Cadastre, Apostle Islands

 

I.

A soap-opera rising and sinking of bodies,

melt of glaciers, flamboyant sculpture of waves—

west wind at thirty knots

this serial archipelago the drama of centuries.

Forgotten Steamboat Island

swallowed like the sunken ships—

one episode of tide and time,

now another buried underwater treasure.

How to plat the ancient—27,232 submerged acres;

mark or name the temporary—newly formed seastacks,

shifting sand spits and tombolos?

 

Imagine the geared toy of evolution:

twenty-two islands swimming in 40 degrees, in aqua,

honeycombed with vaulted chambers, with caverns

whose deeply carved crevices house whisper

and splash, echo cormorant and eagle scree

(breeding habitat for 150 bird species)

harbor the keening of human loss—

distress signals at 2:05 a.m..

How to measure this littoral expanse—man miles or

decibels of the drum-like surf on mythic Devils isle?

 

Imagine henna wheat copper buff and umber arches—

this billion year old layered sandstone rises

red and cathedral gothic

at Swallow’s Point, Mawikwe Bay.

Yes, each epoch a burnished stratum, a wave of color.

We flat map with metes and bounds—Manitou Island,

Hermit, Ironwood—trace ownership in treaties and deeds,

but cannot account each mystic transformation:

the graceful circumference of wind twists in white pine,

or how the friction of time and waves shape song—

emitted frequency 450 Hertz.

My feet a plectrum on the quartz lyre of Stockton Island

this globular singing sand is nature’s genius,

the whistle, squeak, or eerie bark—ephemeral.

 

II.

Beyond flat fact Apostle Island histories overlap, stack

like horse skeletons at the bottom of each ravine:

the glimpse of steamer spines in clear water,

the sunken and mummified hemlock and birds-eye maple—

salvage logs now kilned and carved to fine-grained guitars.

The past is hollow bellies of Anishinaabeg canoes

is the echo of old names and weighted fill of rocks—

birch bark given to winter waters for preservation.

The piled stone, the stories—Midewiwin lodges,

Voyageurs and fisheries, lighthouses and loggers

trace another measure, paint the palimpsest of place.

 

Among abandoned brownstone quarries on Basswood Island

each cubed hollow the math of absence and distance—

of courthouse buildings rising square by brown square

in mainland cities like Bayfield and Milwaukee.
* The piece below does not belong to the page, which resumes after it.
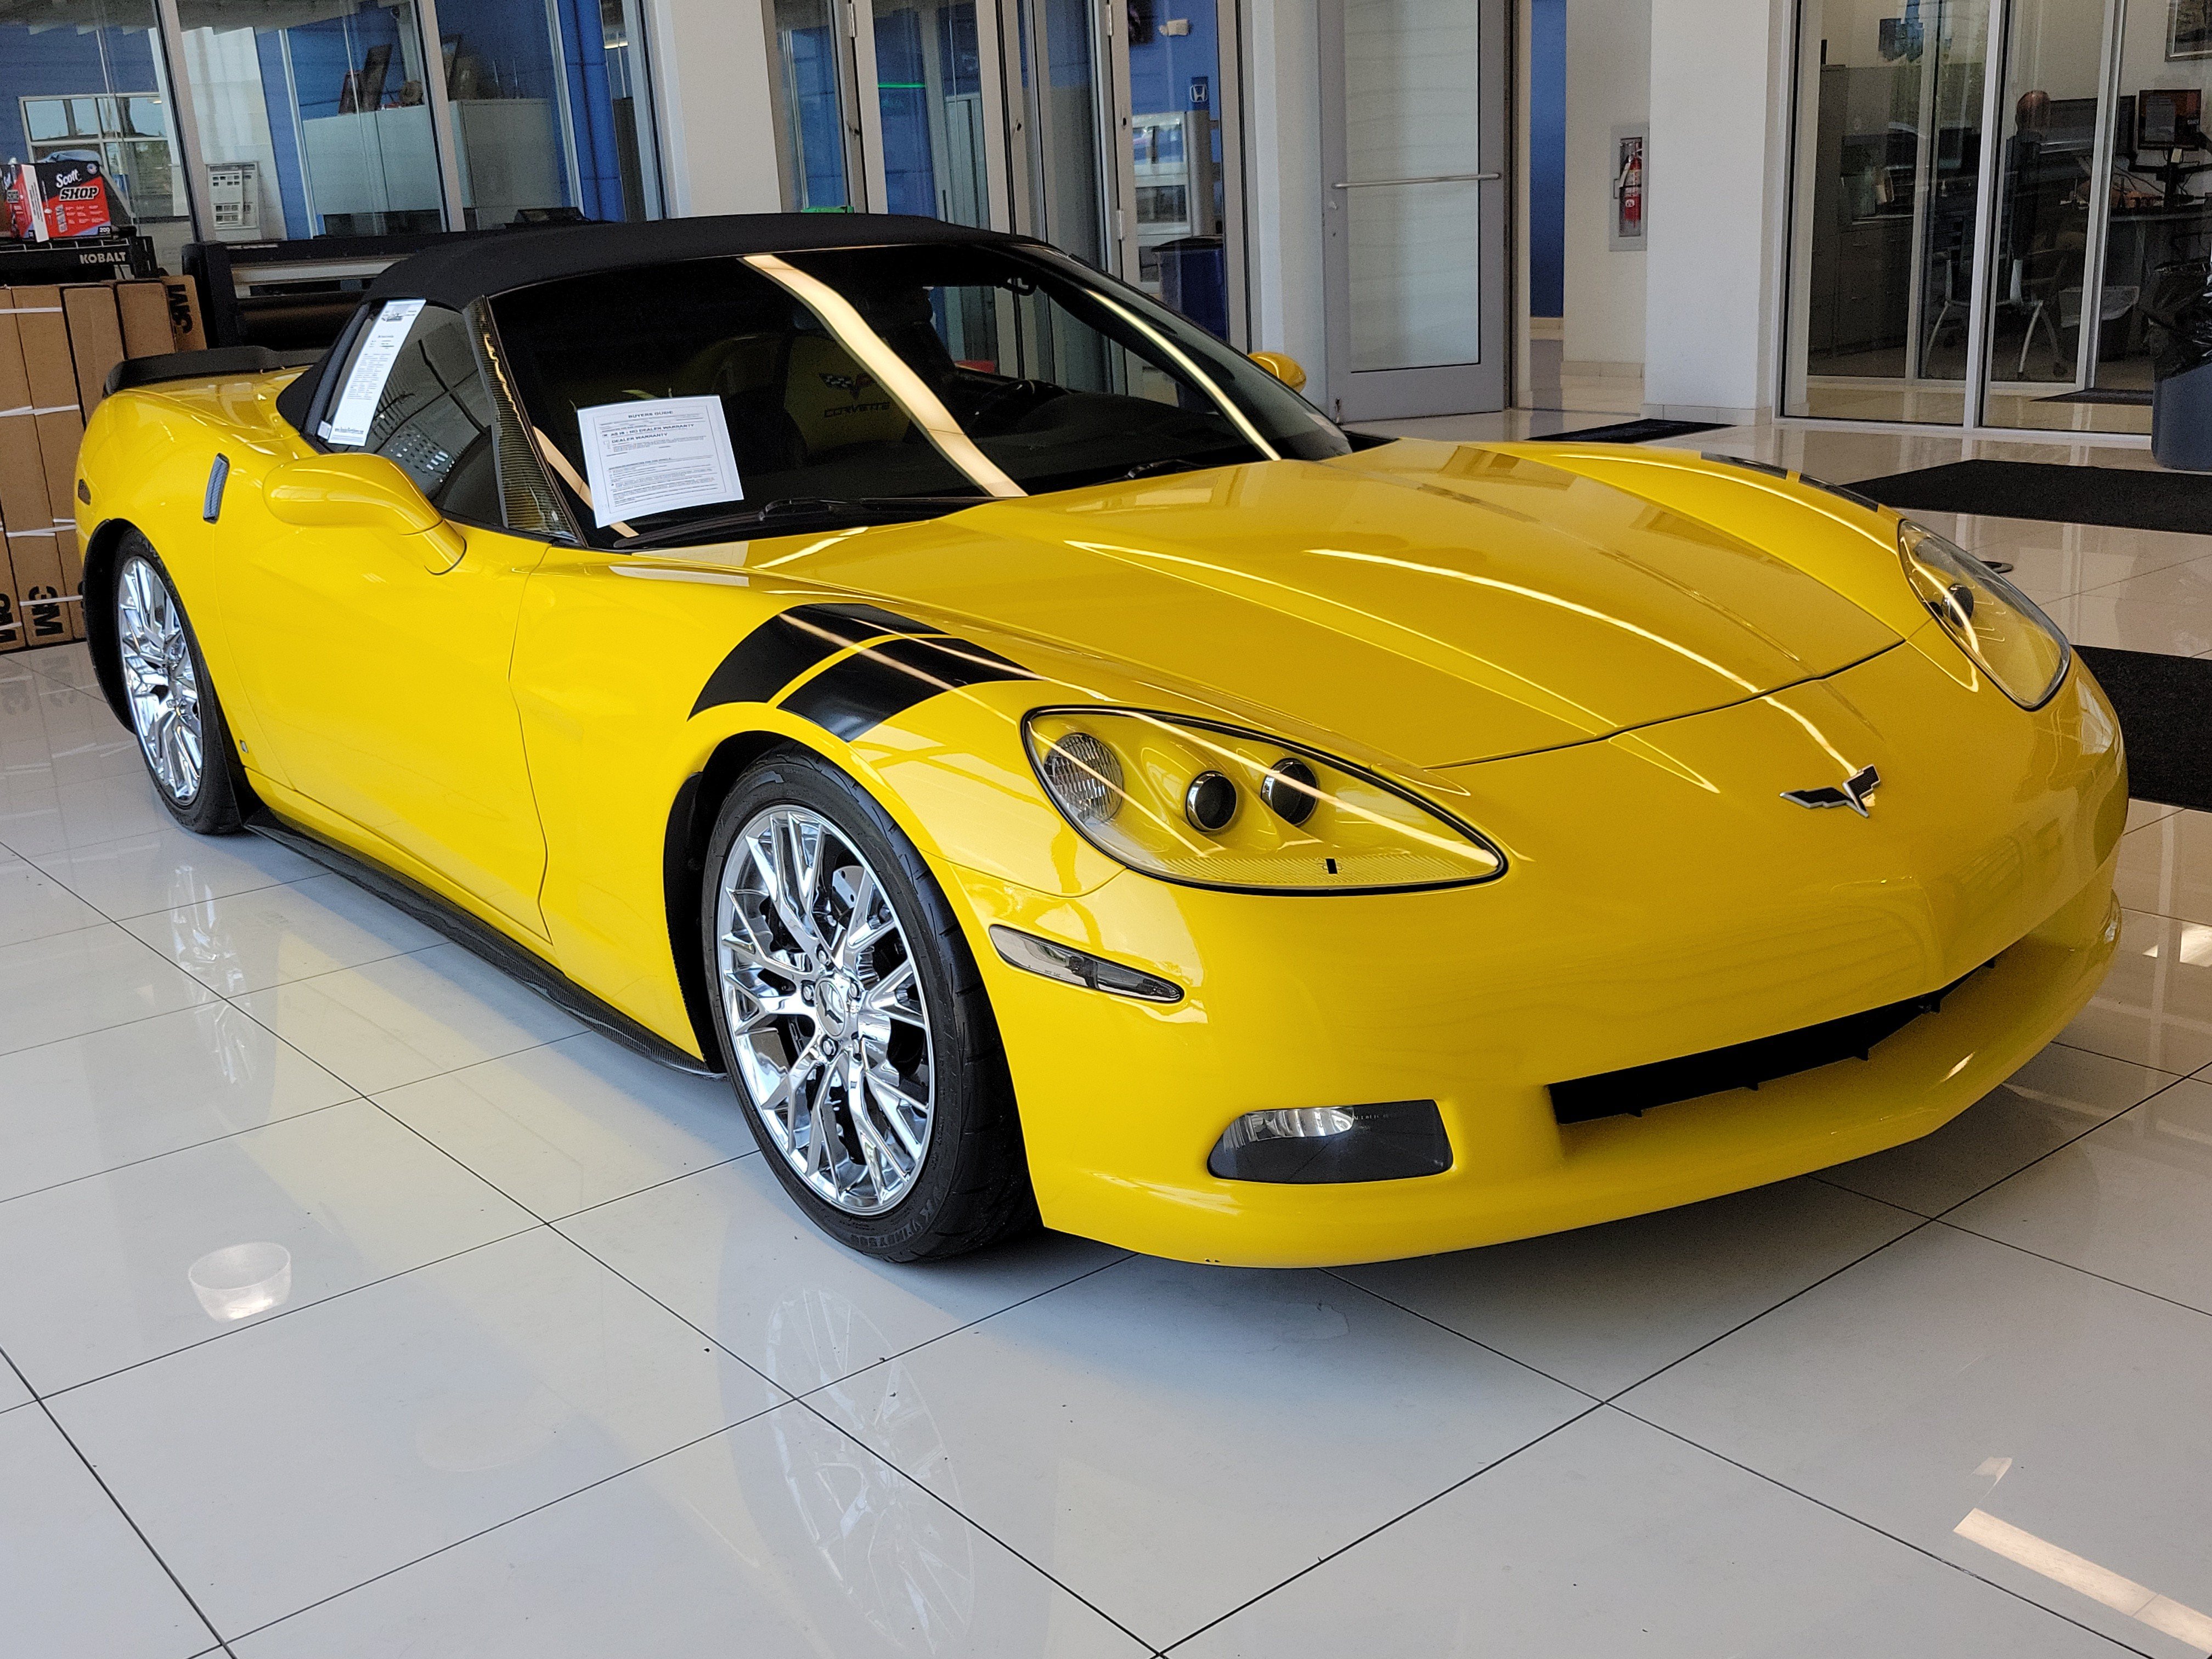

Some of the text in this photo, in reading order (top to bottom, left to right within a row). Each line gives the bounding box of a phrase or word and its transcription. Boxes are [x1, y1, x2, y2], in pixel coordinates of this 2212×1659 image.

[56, 168, 80, 188] Scott
[60, 187, 98, 200] SHOP
[79, 252, 126, 264] KOBALT
[29, 585, 64, 637] 3M
This beanstalk-tall barter is also loss:

of peerless brown furs

traded to drape bodies of moneyed matrons,

or 500 million board feet of disappearing timber each year.
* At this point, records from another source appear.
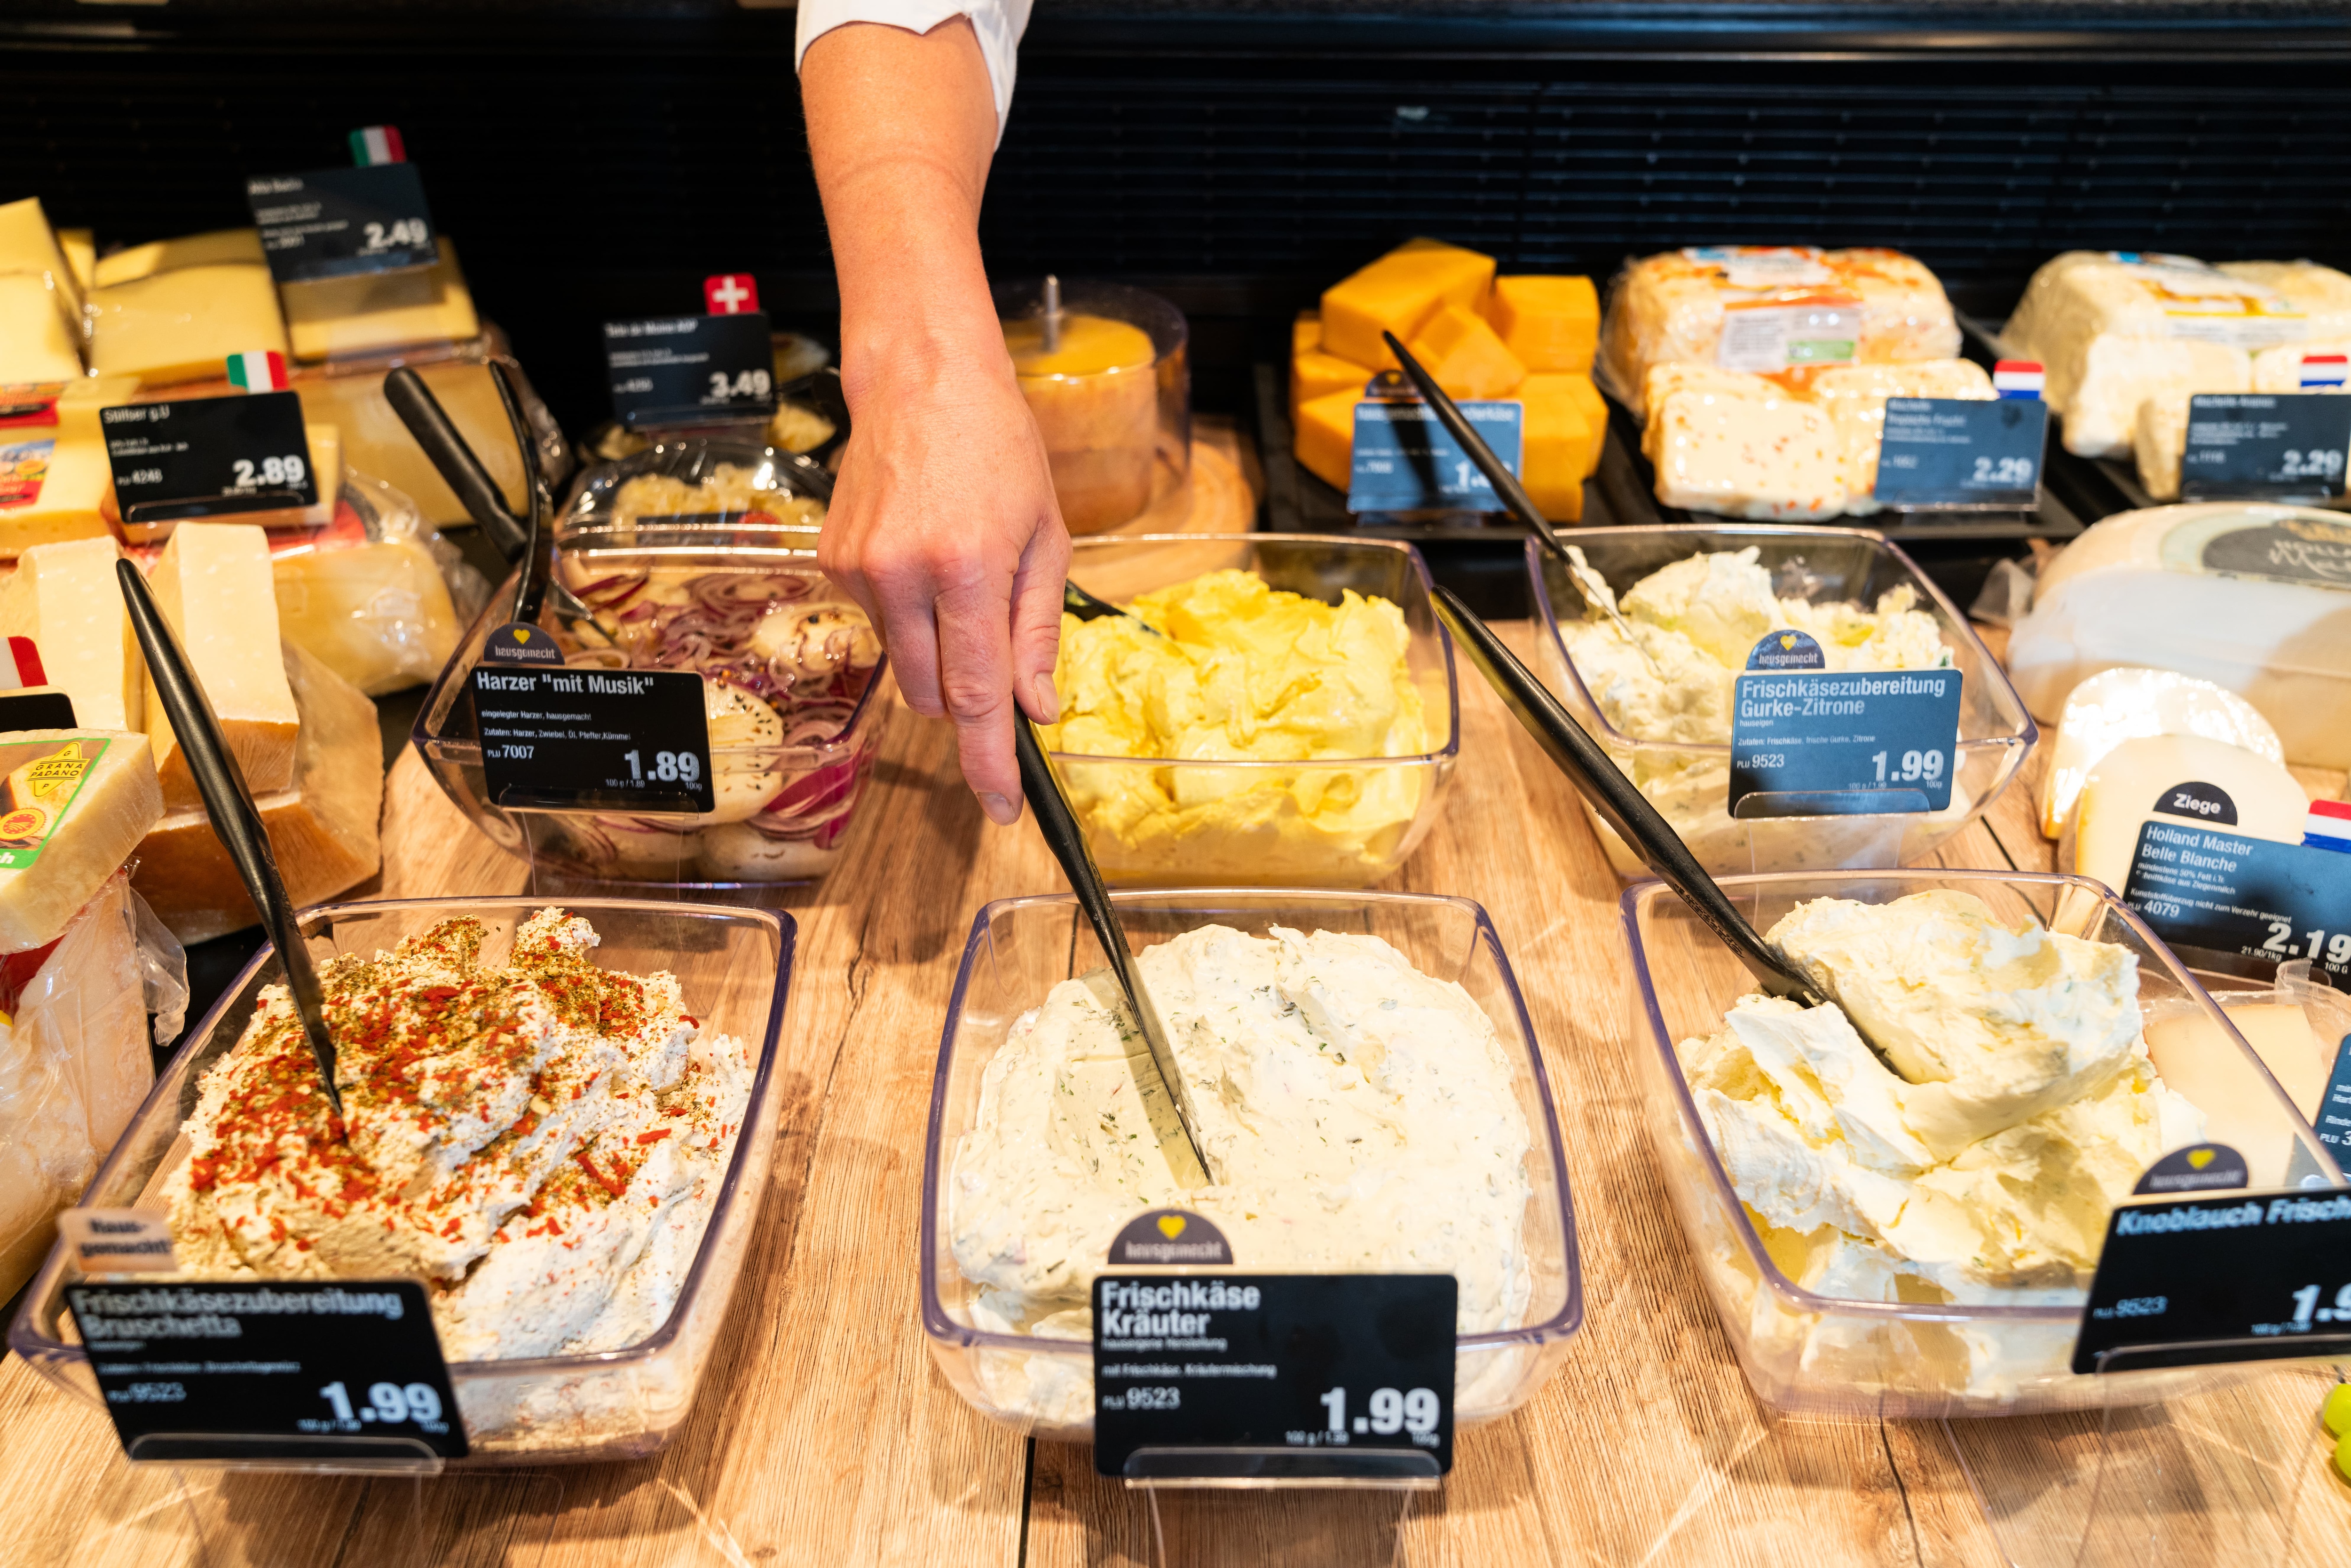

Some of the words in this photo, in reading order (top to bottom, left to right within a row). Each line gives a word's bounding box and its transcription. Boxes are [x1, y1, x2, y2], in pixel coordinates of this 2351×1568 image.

[363, 217, 429, 251] 2.49
[709, 369, 772, 397] 3.49
[233, 454, 305, 487] 2.89
[1972, 456, 2033, 483] 2.29
[2282, 449, 2343, 476] 2.29
[495, 645, 556, 660] hausgemacht
[1759, 653, 1818, 667] hausgemacht
[477, 671, 536, 691] Harzer
[542, 673, 584, 693] "mit
[588, 675, 654, 695] Musik"
[1742, 676, 1946, 698] Frischkäsezubereitung
[481, 709, 519, 720] eingelegter
[521, 710, 545, 720] Harzer,
[546, 711, 592, 722] hausgemacht
[1741, 698, 1865, 718] Gurke-Zitrone
[1740, 719, 1774, 728] hauseigen
[488, 749, 501, 759] PLU
[501, 744, 535, 759] 7007
[1736, 760, 1750, 769] PLU
[1752, 753, 1785, 769] 9523
[624, 749, 700, 782] 1.89
[1872, 749, 1944, 782] 1.99
[2173, 793, 2221, 815] Ziege
[2146, 825, 2201, 847] Holland
[2202, 835, 2254, 857] Master
[2141, 843, 2177, 862] Belle
[2179, 850, 2237, 873] Blanche
[2144, 899, 2180, 918] 4079
[2262, 922, 2351, 964] 2.19
[2325, 961, 2340, 973] 100
[2319, 1133, 2340, 1144] PLU
[2116, 1201, 2263, 1236] Knoblauch
[71, 1288, 404, 1320] Frischkäsezubereitung
[1101, 1280, 1261, 1311] Frischkäse
[81, 1313, 243, 1339] Bruschetta
[1101, 1308, 1212, 1338] Kräuter
[129, 1382, 187, 1402] 9523
[319, 1381, 443, 1424] 1.99
[1126, 1387, 1181, 1410] 9523
[1320, 1387, 1440, 1435] 1.99
When history is a bedlam of John Jacob Astor commodity

and weather a storied purple destiny of ships run aground,

who can name island gods or number sands on Raspberry,

Otter, Gull, and Oak?

How ruler each breathless angel edge

of ledge rock, record equation for velocity of change,

mirror the fetal scroll of fiddlehead ferns—

or praise with proper song each turtle-shaped survival? 

 

 

Credit

Copyright © 2016 by Kimberly Blaeser. This poem was commissioned by the Academy of American Poets and funded by a National Endowment for the Arts Imagine Your Parks grant.

About this Poem

"Watery islands resist measurement. Likewise, their histories. The current count of twenty-one islands that make up the Apostle Islands National Lakeshore, does not include the islands submerged over the passage of time nor does it include Madeline Island, the traditional ceremonial site for the Anishinaabeg. Indeed, the vital archipelago is change incarnate. I wanted to suggest the layered palimpsest of history here, to gesture in the poem to the literal buried bodies of ships and sailors and horses, and birchbark canoes, but also to the submerged histories including that of ecological devastation through fur trade, logging, and quarry mining. And yet, the islands also embody adaptation and survivance—their immeasurable beauty includes cliffs and pillars and arches formed over centuries, and trees turned into corkscrew shapes by wind. Like most natural places, they also house mysteries—here the 'singing sand' and the lulling transformation of visitors to these ancient island outposts. Transience never sits neatly in records—how do we map becoming? The challenge is similar to that of poets searching for the buttress of language amid the ineffable."